With the images removed, write out each record exactly as given.

Material for the task:
--------

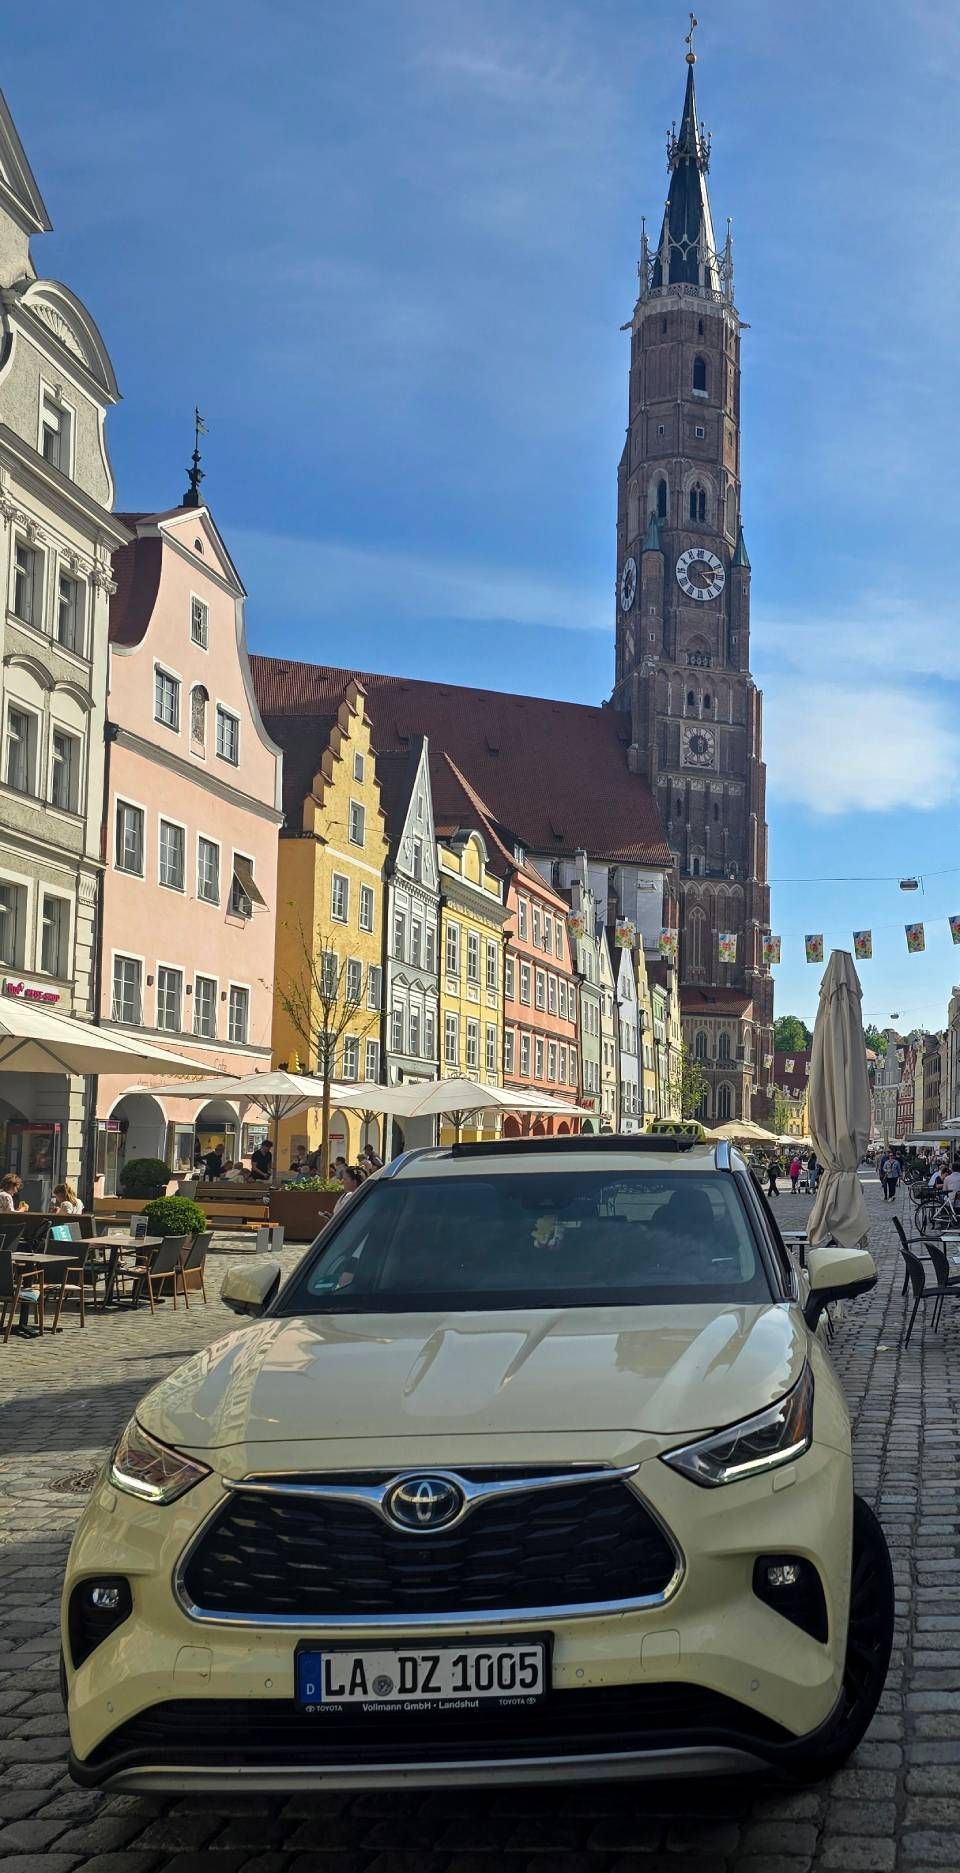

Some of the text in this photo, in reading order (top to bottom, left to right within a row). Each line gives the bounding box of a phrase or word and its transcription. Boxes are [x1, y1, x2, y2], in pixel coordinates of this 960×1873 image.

[655, 1125, 697, 1136] TAXI
[325, 1652, 539, 1697] LA DZ 1005
[306, 1683, 315, 1695] D
[362, 1699, 479, 1712] Vollmann GmbH Landshut
[499, 1697, 526, 1705] TOYOTA

--------

Task response:
Some of the text in this photo, in reading order (top to bottom, left to right within a row). Each line gives the bounding box of a phrase or word and its transcription. Boxes are [x1, y1, x2, y2], in pixel coordinates of this 960×1873 image.

[655, 1125, 697, 1136] TAXI
[325, 1652, 539, 1697] LA DZ 1005
[306, 1683, 315, 1695] D
[362, 1699, 479, 1712] Vollmann GmbH Landshut
[499, 1697, 526, 1705] TOYOTA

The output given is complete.